Work instructions: Every entry must be given again exactly. Include no pictures.

Top of Dataset content

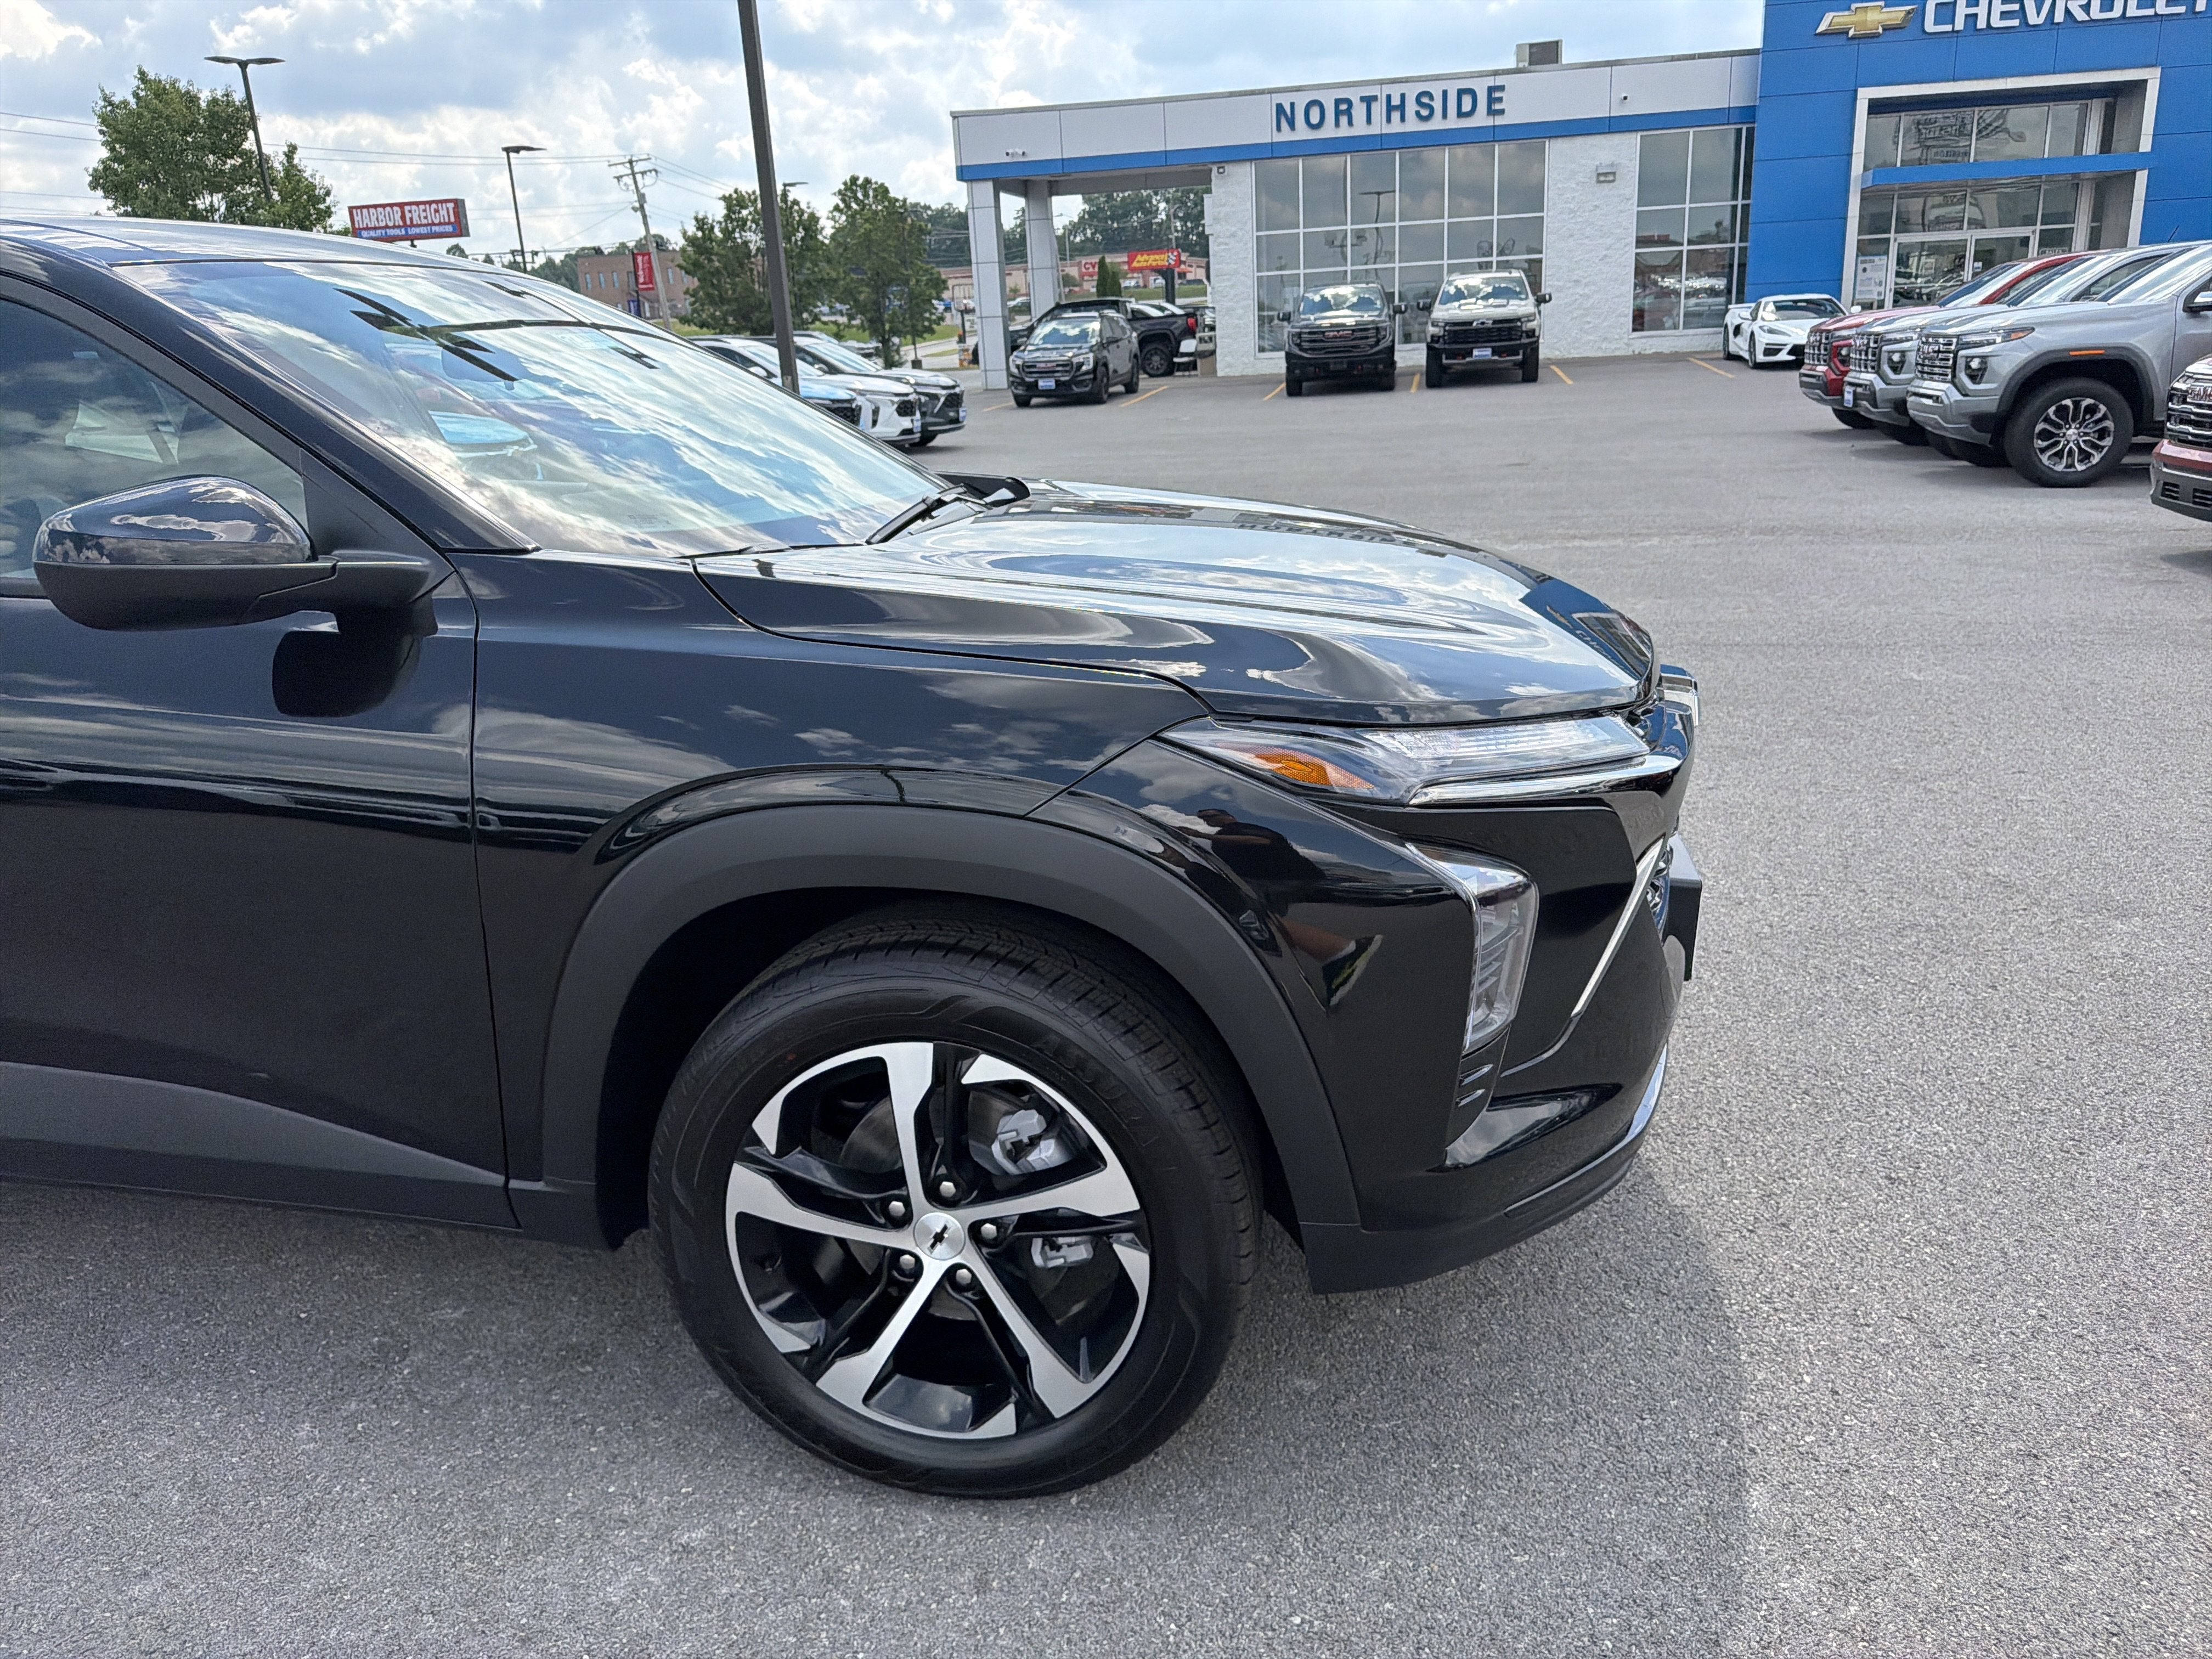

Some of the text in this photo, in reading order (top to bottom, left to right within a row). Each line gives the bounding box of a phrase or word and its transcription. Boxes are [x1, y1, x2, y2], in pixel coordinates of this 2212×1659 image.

[1275, 84, 1505, 132] NORTHSIDE
[353, 202, 455, 228] HARBOR FREIGHT
[360, 224, 453, 238] QUALITY TOOLS LOWEST PRICES
[1084, 261, 1098, 270] CV
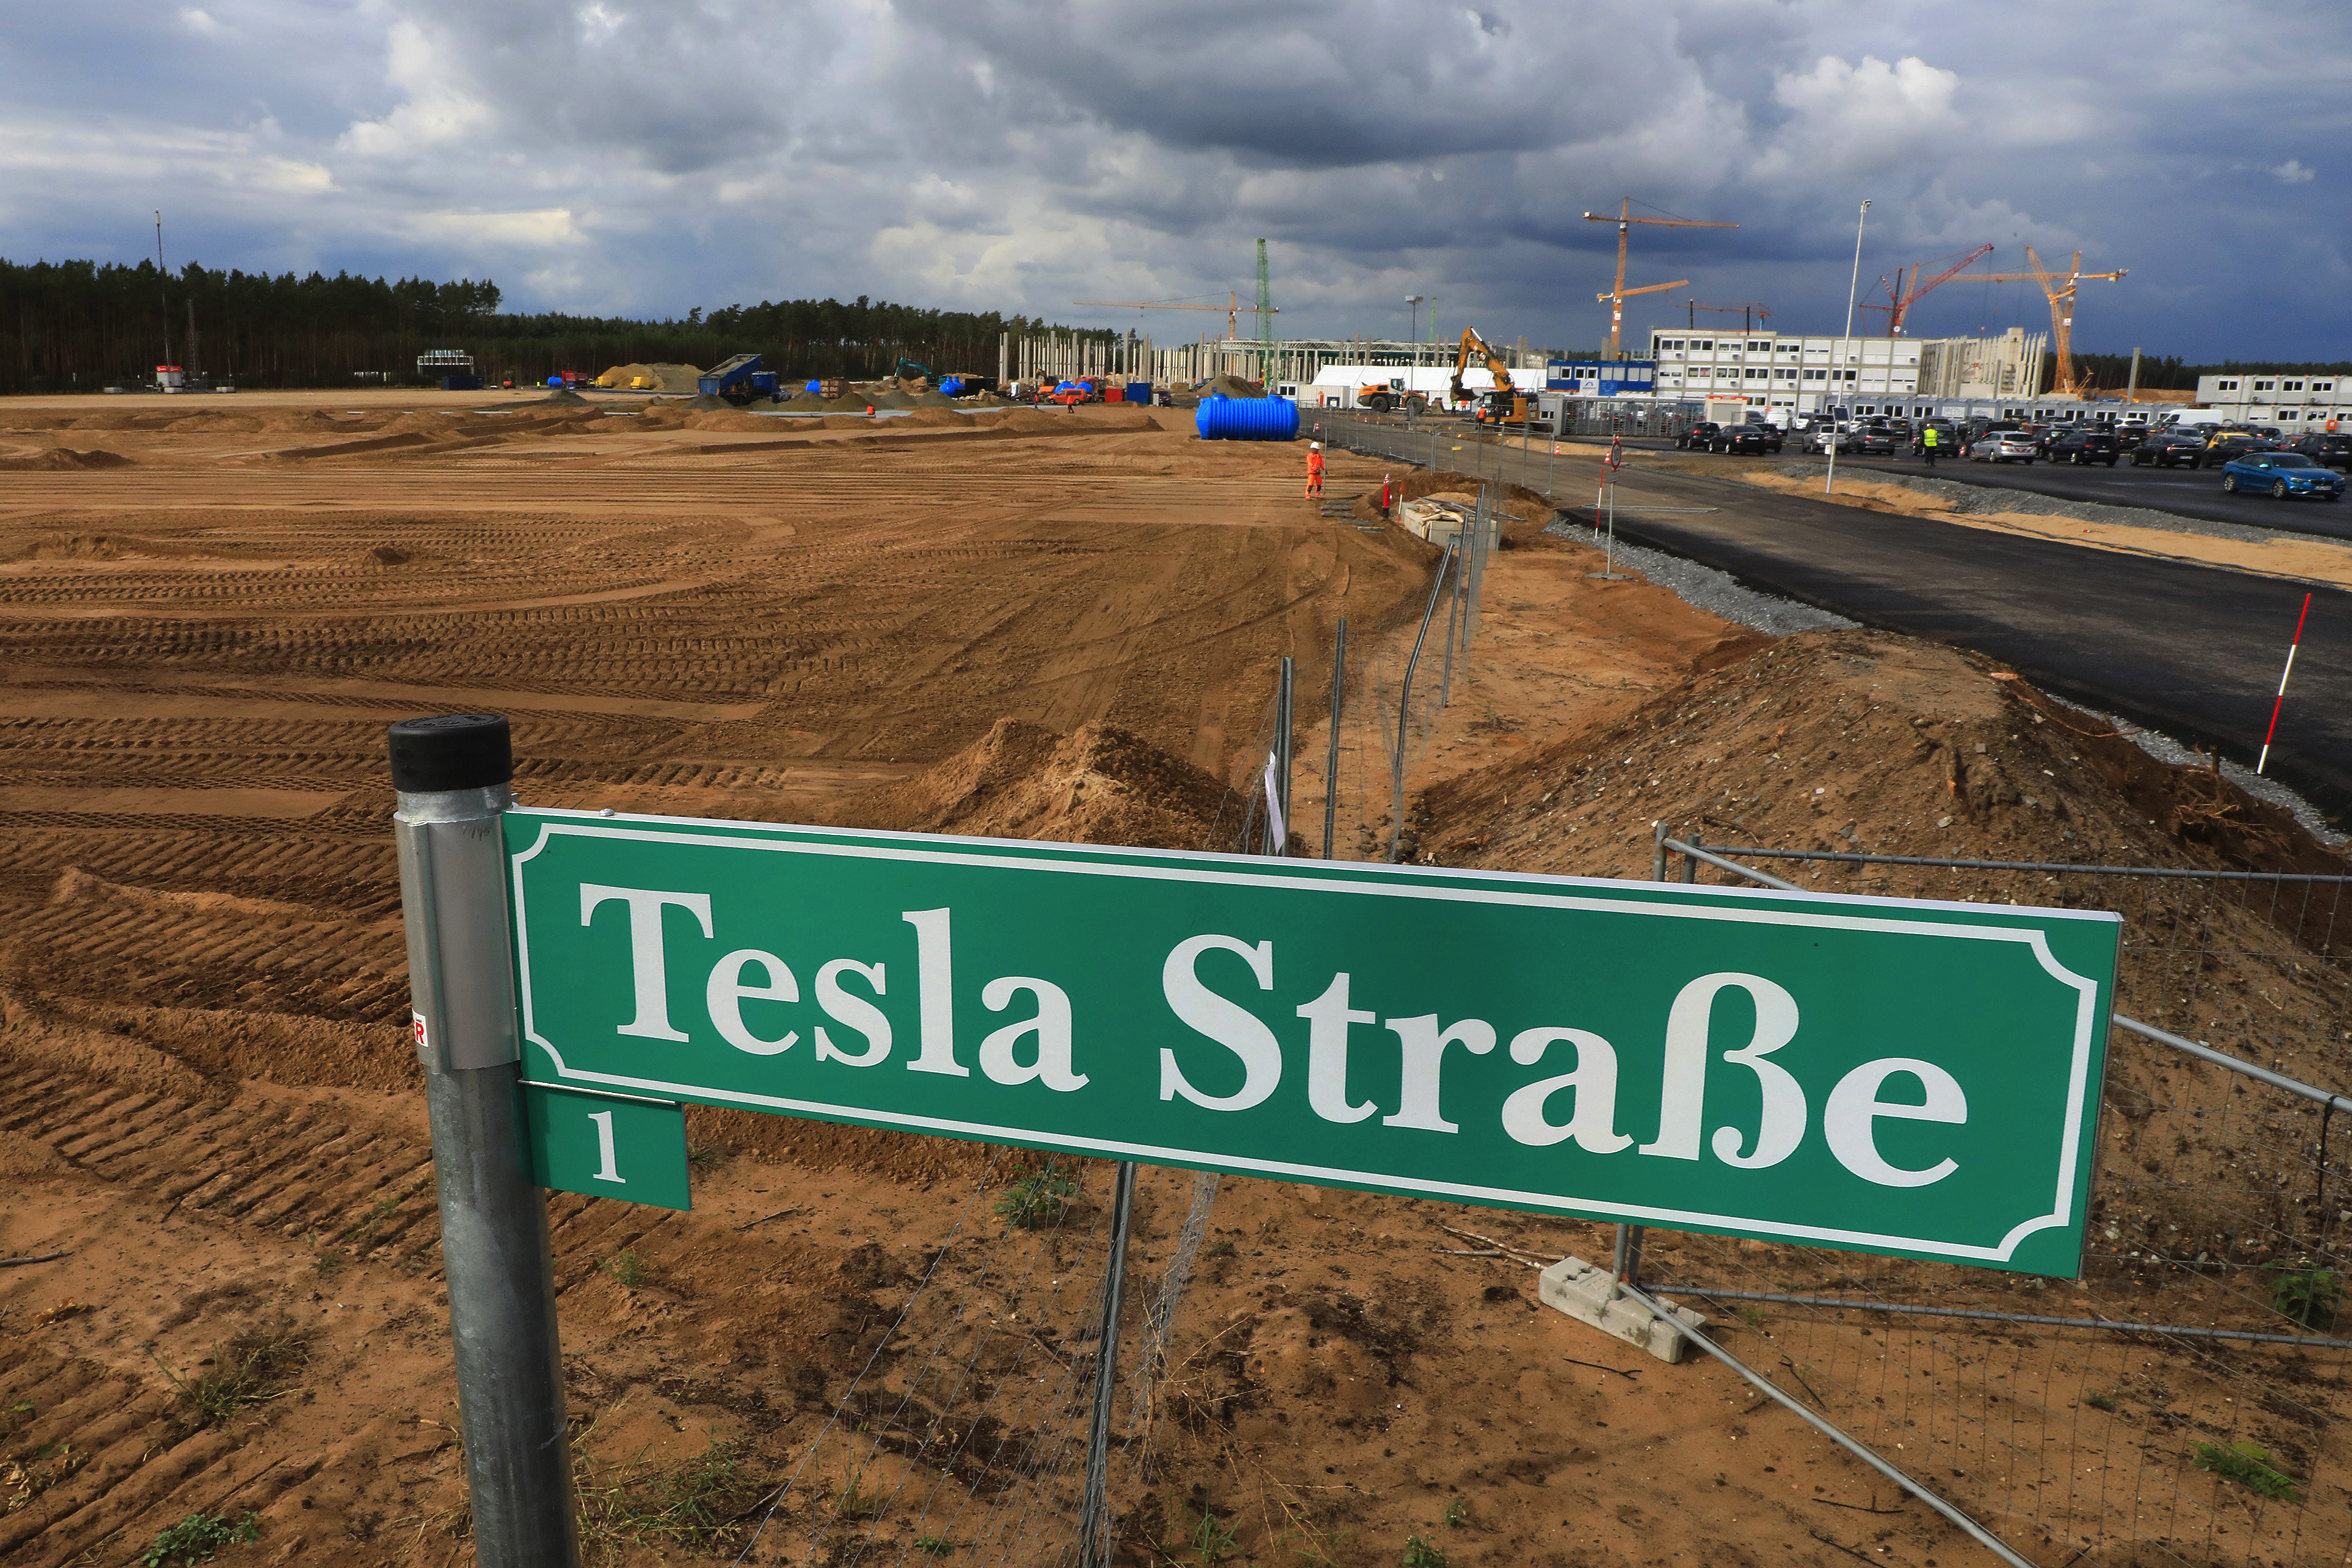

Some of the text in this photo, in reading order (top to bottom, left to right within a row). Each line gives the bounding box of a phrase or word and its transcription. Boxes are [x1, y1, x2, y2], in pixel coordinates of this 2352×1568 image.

[580, 883, 1967, 1187] Tesla Straße
[589, 1111, 626, 1183] 1

Bottom of Dataset content

Solution for this exercise:
Some of the text in this photo, in reading order (top to bottom, left to right within a row). Each line gives the bounding box of a phrase or word and its transcription. Boxes are [x1, y1, x2, y2], in pixel coordinates of this 2212×1659 image.

[1275, 84, 1505, 132] NORTHSIDE
[353, 202, 455, 228] HARBOR FREIGHT
[360, 224, 453, 238] QUALITY TOOLS LOWEST PRICES
[1084, 261, 1098, 270] CV

Some of the text in this photo, in reading order (top to bottom, left to right within a row). Each line gives the bounding box of a phrase or word and its transcription. Boxes are [x1, y1, x2, y2], in pixel coordinates of this 2352×1568 image.

[580, 883, 1967, 1187] Tesla Straße
[589, 1111, 626, 1183] 1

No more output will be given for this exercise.